M. de Laubespin est aujourd’hui un de mes meilleurs amis. Il y a soixante-quinze ans que nous sommes liés l’un à l’autre ! Quoique vieux et impotent, je vais le voir deux fois par semaine ; il a épousé Mlle Sieyès, la nièce de l’abbé ; il possède une collection de tableaux, et la fortune considérable dont il jouit n’est employée qu’à des œuvres de bienfaisance.

Quant à la princesse Clémentine, je l’ai rencontrée, il y a peu d’années. Qu’est donc devenue sa fraîcheur si éclatante d’il y a un demi-siècle ? Elle a cependant encore des traits superbes. On croirait voir Louis XIV tel qu’il est reproduit dans le masque de cire accroché à Versailles dans sa chambre, à côté de son grand lit d’apparat. Elle semble jouer aujourd’hui auprès de son fils, le prince de Bulgarie, le rôle d’Égérie que Mme Adélaïde jouait alors auprès de Louis-Philippe.

D’Hayange, je fus appelé à Longwy, petite forteresse à l’extrême frontière, et de là, je dus aller occuper un point du cordon sanitaire établi sur la frontière pour empêcher l’introduction du choléra qui venait de faire son apparition en Europe. Nous reçûmes là l’ordre de nous rendre à Metz, où le roi Louis-Philippe, accompagné de son ministre de la Guerre, le maréchal Soult, venait d’arriver.

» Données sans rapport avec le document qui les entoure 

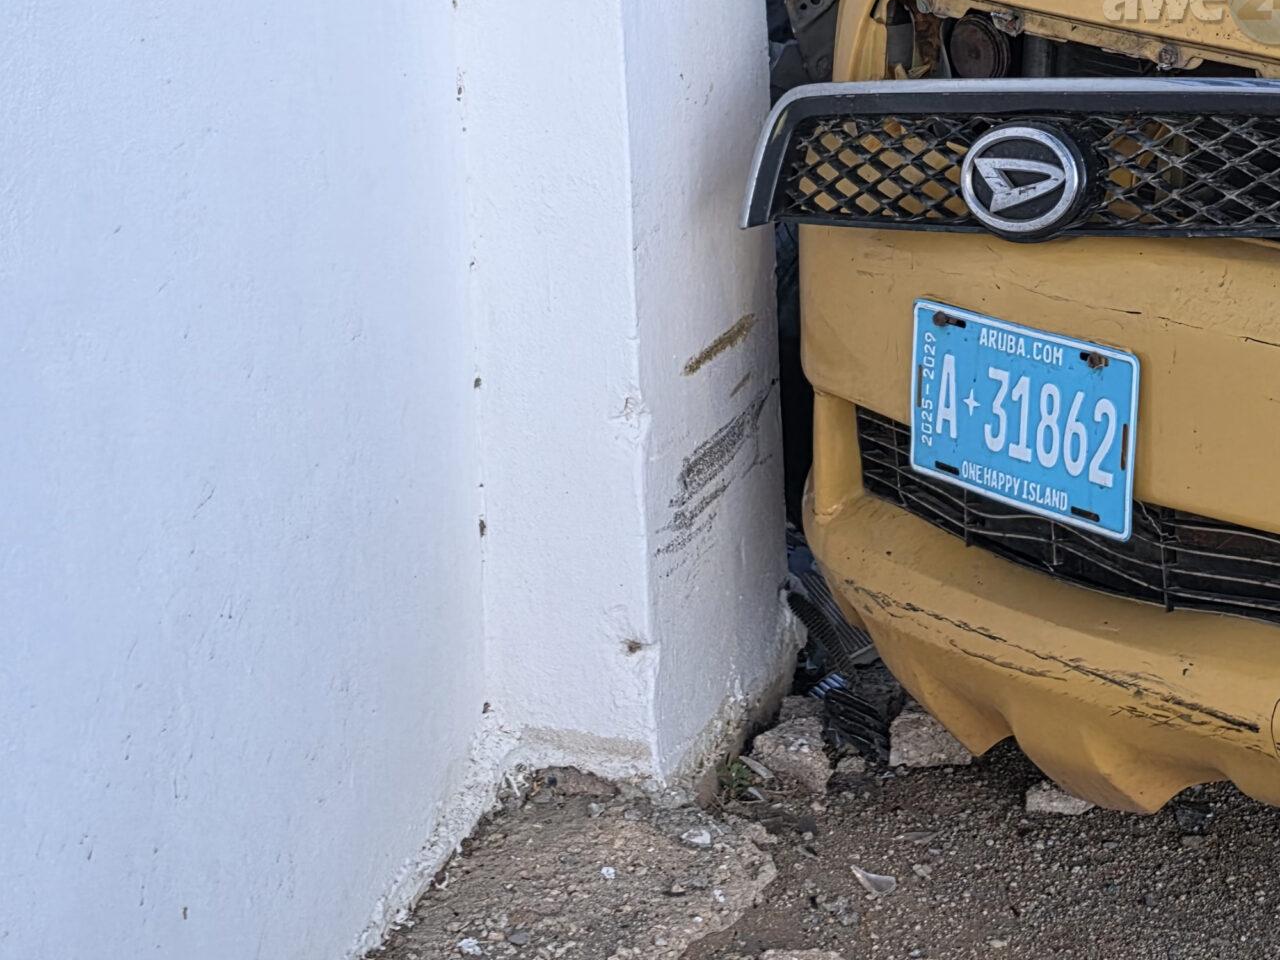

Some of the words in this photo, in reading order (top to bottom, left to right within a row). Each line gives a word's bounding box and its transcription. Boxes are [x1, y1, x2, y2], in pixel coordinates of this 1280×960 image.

En effet, après avoir fait faire quelques promenades de propagande par son fils aîné, Louis-Philippe s’était décidé à parcourir certaines provinces du royaume pour y recueillir les « vœux des populations » suivant le langage officiel. Il se dirigea d’abord vers la Normandie et se rendit de là dans l’Est.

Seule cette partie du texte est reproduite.